Metastasis instance segmentation that was produced with a multilevel model.
Deep learning algorithms have proven to be efficient and accurate when detecting metastases in hematoxylin and eosin-stained tissue, and their performance is comparable to the level of an expert pathologist. Many of the tumor-detecting deep learning algorithms focus on the local features that are in the small batches of images, which leaves out potentially relevant features from the surroundings.[1]
- Does including information from the surrounding area, improve the performance of deep learning tumor detection algorithm?
- What features will a deep neural network focus on with different scales, when it is trained to detect a tumor?

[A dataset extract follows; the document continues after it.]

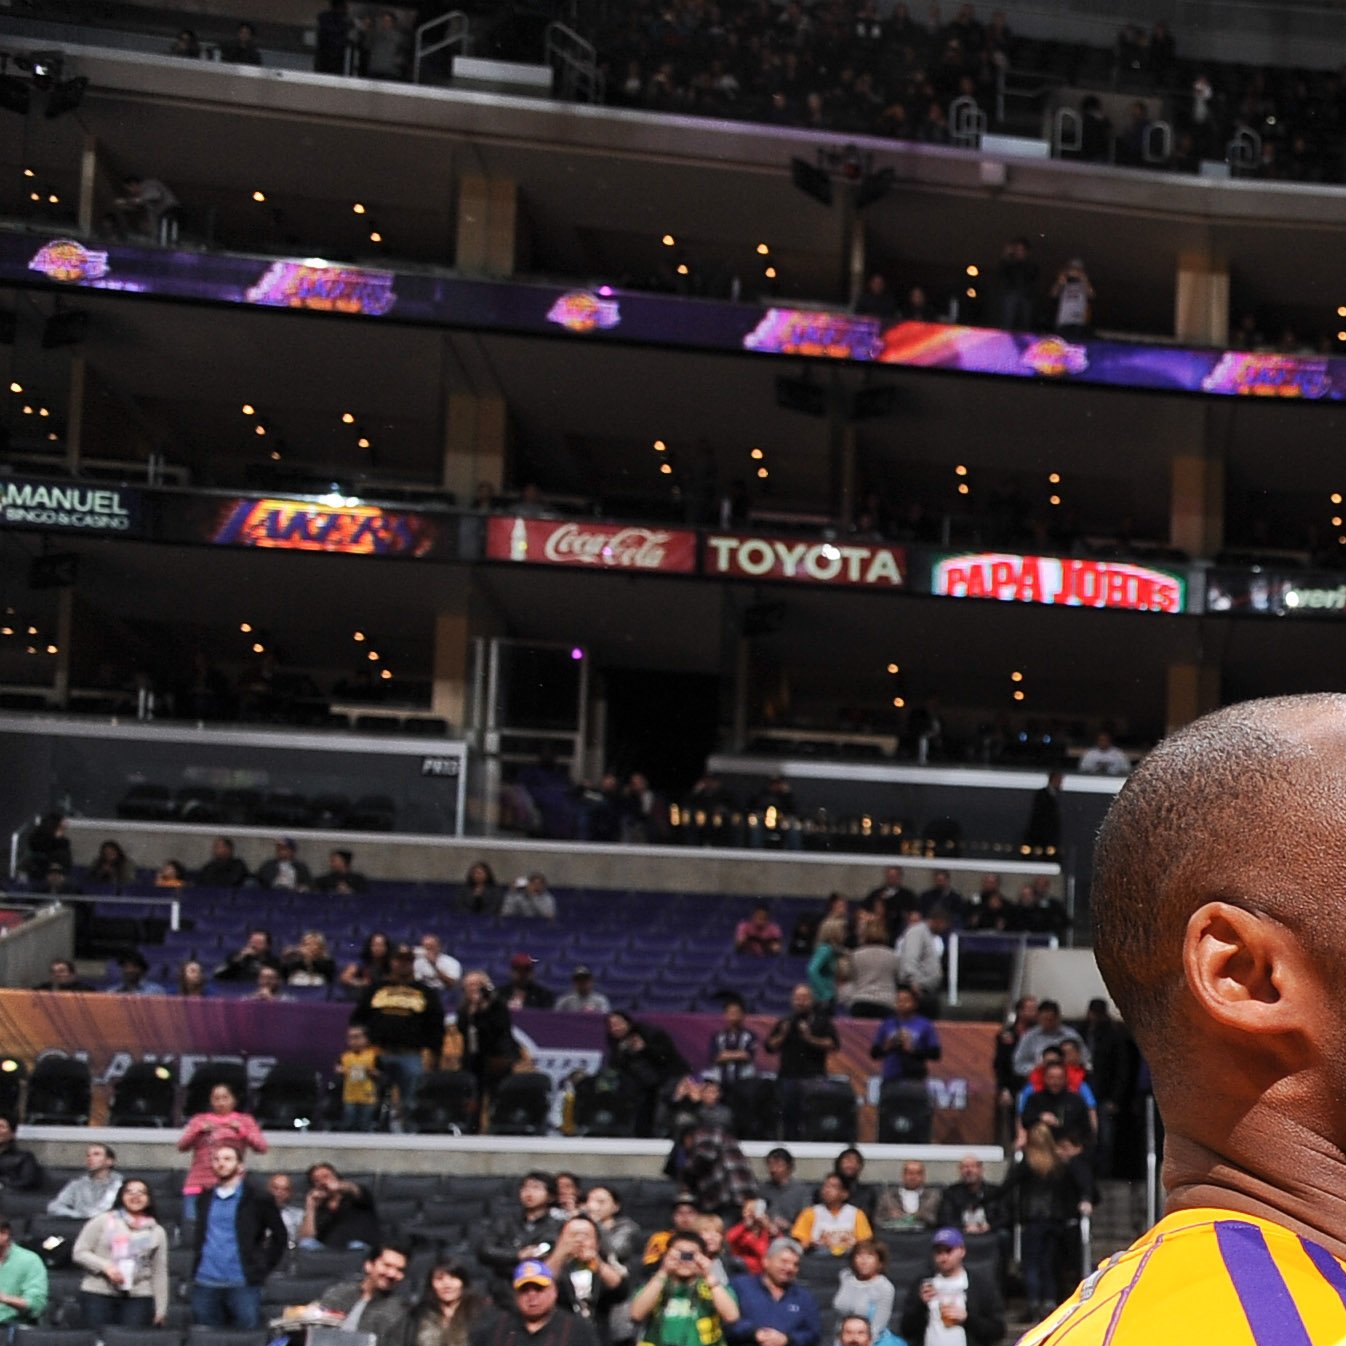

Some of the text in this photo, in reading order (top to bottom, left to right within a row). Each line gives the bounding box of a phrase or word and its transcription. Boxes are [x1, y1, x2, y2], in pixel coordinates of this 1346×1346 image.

A deep neural network will learn to use information from a wider receptive field and this improves the detection performance. High zoom level parts of the network will focus on the detailed structures while the low zoom levels will focus more on regional structures.
- 64bit Ubuntu 16.04.6 LTS (Xenial Xerus) GNU/Linux (virtual)

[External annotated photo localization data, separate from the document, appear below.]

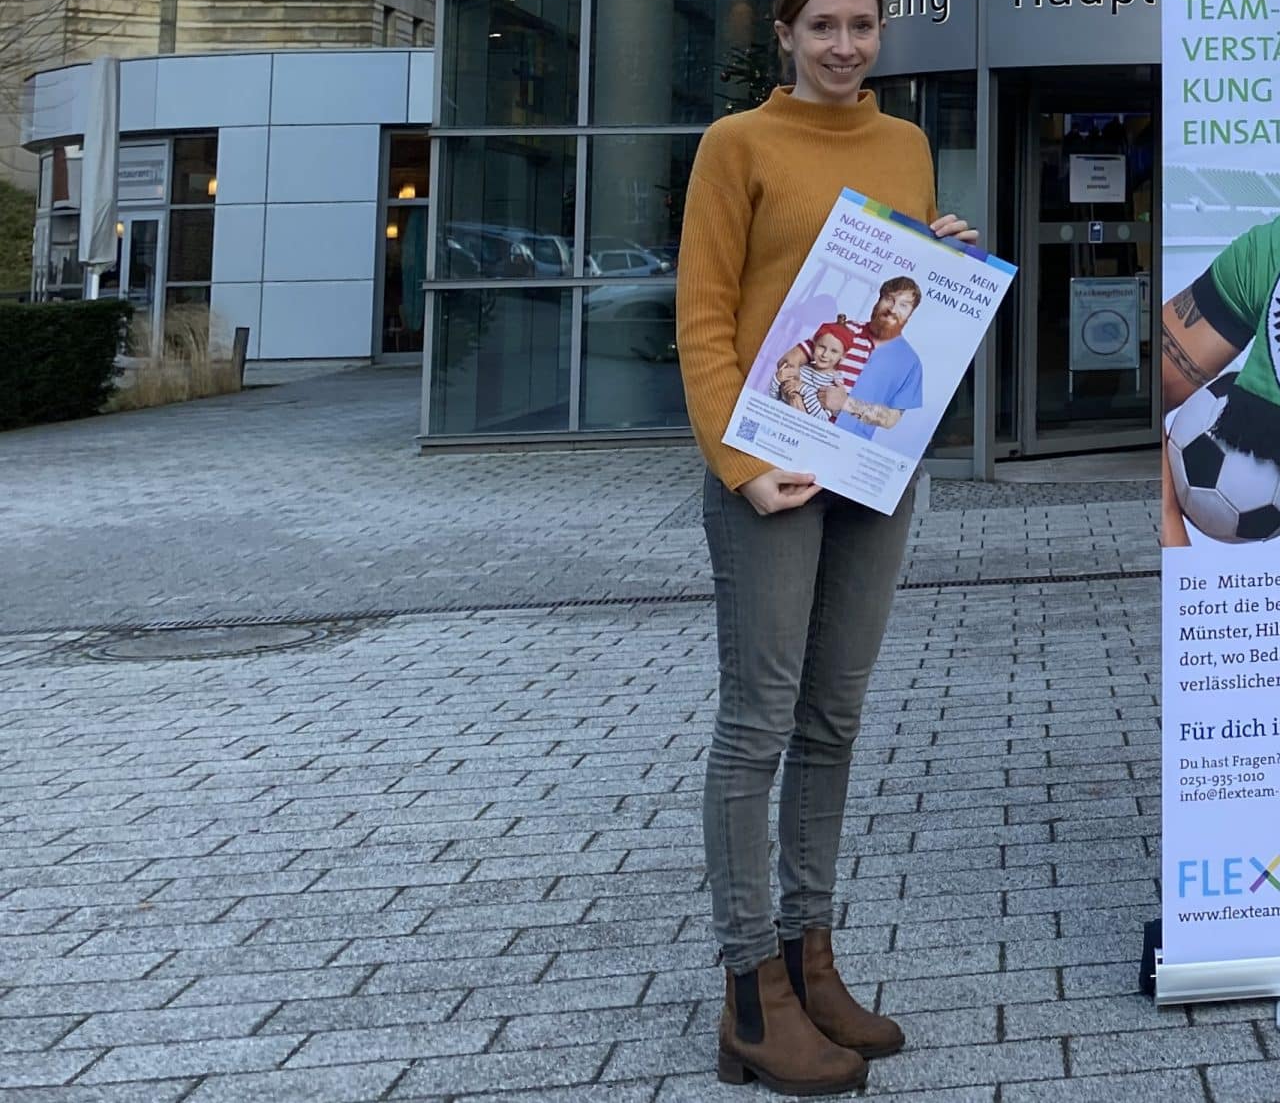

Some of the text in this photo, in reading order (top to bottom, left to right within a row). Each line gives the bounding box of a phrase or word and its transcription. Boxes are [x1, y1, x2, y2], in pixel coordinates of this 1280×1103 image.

[1183, 78, 1272, 103] KUNG
[840, 213, 893, 244] NACH DER
[825, 241, 883, 274] SPIELPLATZ!
[832, 227, 916, 272] SCHULE AUF DEN
[927, 271, 992, 307] DIENSTPLAN
[969, 273, 998, 293] MEIN
[926, 287, 983, 321] KANN DAS.
[1179, 576, 1207, 591] Die
[1179, 599, 1228, 616] sofort
[1234, 598, 1260, 613] die
[1179, 626, 1252, 641] Münster,
[1179, 651, 1217, 667] dort,
[1222, 653, 1245, 666] wo
[1179, 721, 1215, 741] Für
[1221, 718, 1266, 739] dich
[1179, 758, 1198, 769] Du
[1202, 756, 1229, 769] hast
[1179, 772, 1265, 787] 0251-935-1010

- 2x Intel Xeon Platinum 8160 CPU @ 2.10GHz
- 4x Nvidia Tesla V100, 32GB
- 1510GB RAM
- 6.4T NVMe SSD
- PyTorch 1.1.0
- TorchVision 0.3.0
- Fastai 1.0.52
- OpenSlide 3.4.1 (ASAP 1.8 depends on libopenslide)
- ASAP 1.8 (1.9 does not support the Philips scanner TIFF file format of the
Center_4
) - OpenCV 4.1.0
Chameleon17 training data set was divided by medical centers to test (center_4) and train parts (center_0, center_1, center_2, center_3). Whole slide image (WSI) tissue areas were sampled to 256x256 overlapping tiles, where the corners of tile were centers of neighboring tiles. Otsu thresholding was used for finding the tissue areas.
Tumor coverage percentages were calculated for each tile, and a 75% threshold was selected for labeling a tile as a tumor or normal. Tiles were undersampled from each medical center so that tumor and normal tiles were represented in equal amounts.
Image crops of size 256x256 were sampled from each tile's center point in 1, 2, 4 and 8 -pixel downsampling rates. Each downsampling crop had the same center point as the tile.
Downsampling rates with green tumor area annotation. Threshold of 75% in downsampling=1 is used for deciding the tumor label.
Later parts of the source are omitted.